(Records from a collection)

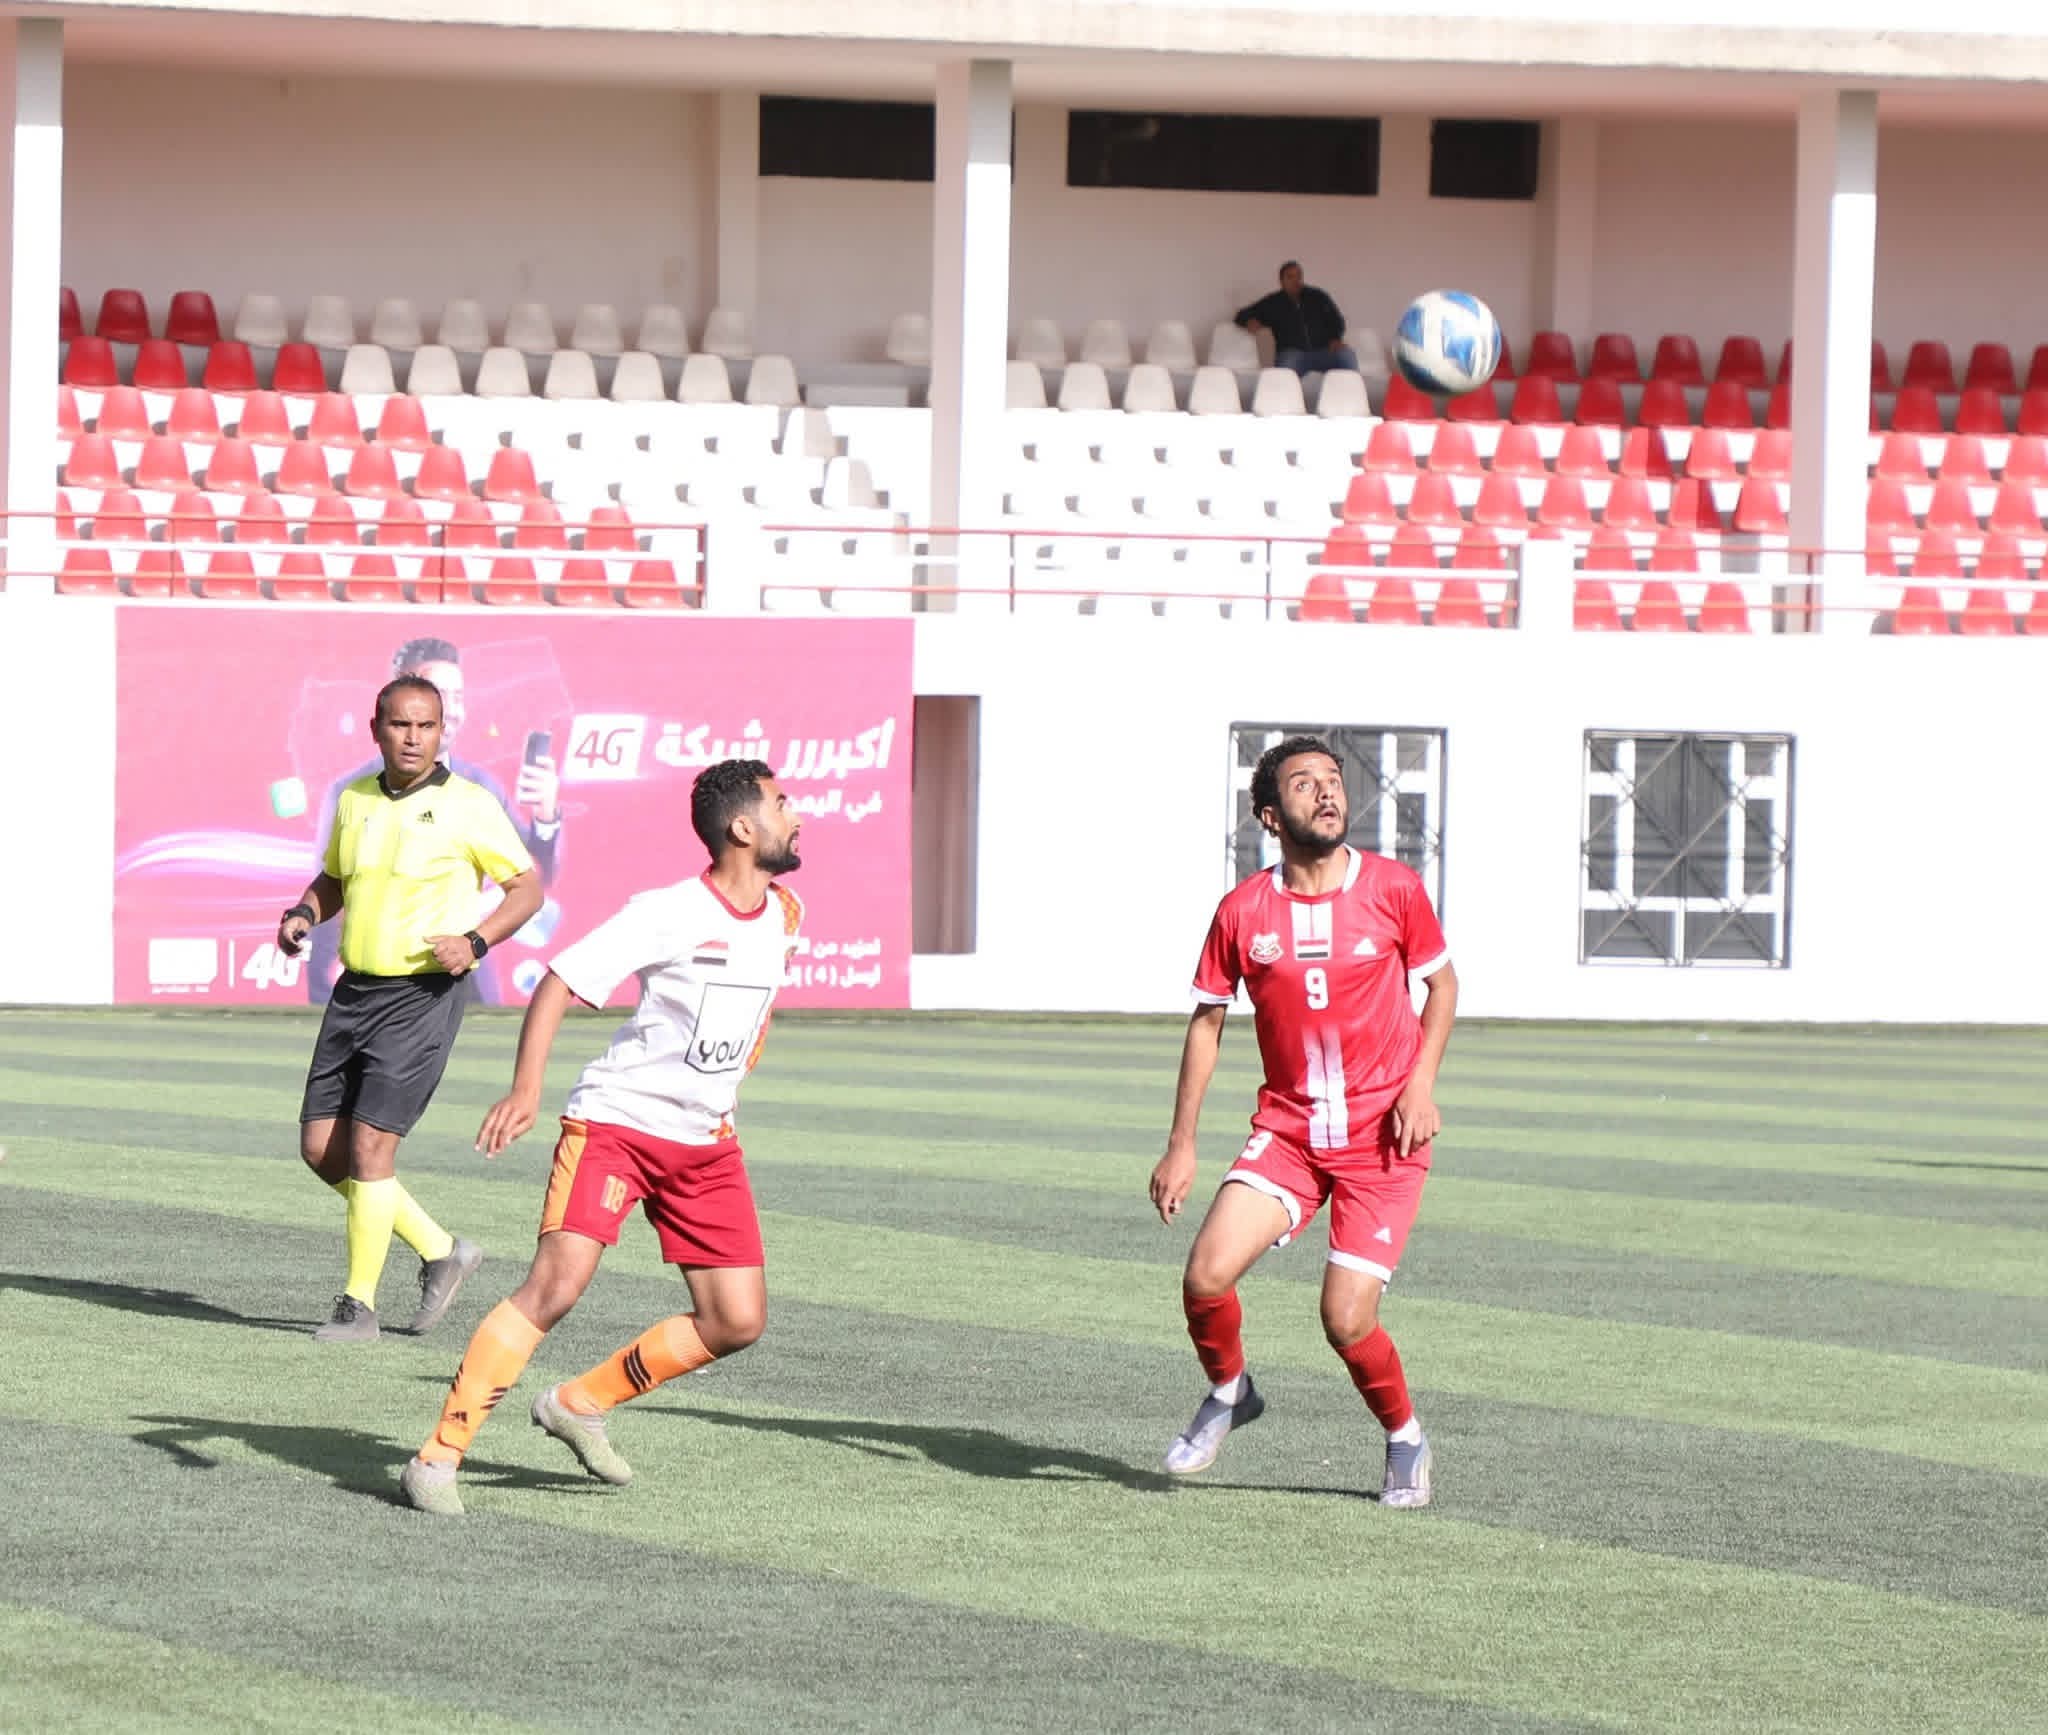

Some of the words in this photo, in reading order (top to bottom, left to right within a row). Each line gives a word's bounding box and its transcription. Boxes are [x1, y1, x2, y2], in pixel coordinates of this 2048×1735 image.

[575, 728, 636, 769] 4G
[655, 719, 771, 768] شبكة
[786, 789, 842, 818] اليم
[845, 790, 882, 823] في
[1304, 967, 1329, 1010] 9
[698, 1039, 745, 1065] YOU
[600, 1174, 628, 1215] 18

**Your goal:** Could you return all the entries exactly as they appear, minus the pictures?

**Expected answer:**
Some of the words in this photo, in reading order (top to bottom, left to right within a row). Each line gives a word's bounding box and its transcription. Boxes are [x1, y1, x2, y2], in pixel coordinates of this 2048×1735 image.

[575, 728, 636, 769] 4G
[655, 719, 771, 768] شبكة
[786, 789, 842, 818] اليم
[845, 790, 882, 823] في
[1304, 967, 1329, 1010] 9
[698, 1039, 745, 1065] YOU
[600, 1174, 628, 1215] 18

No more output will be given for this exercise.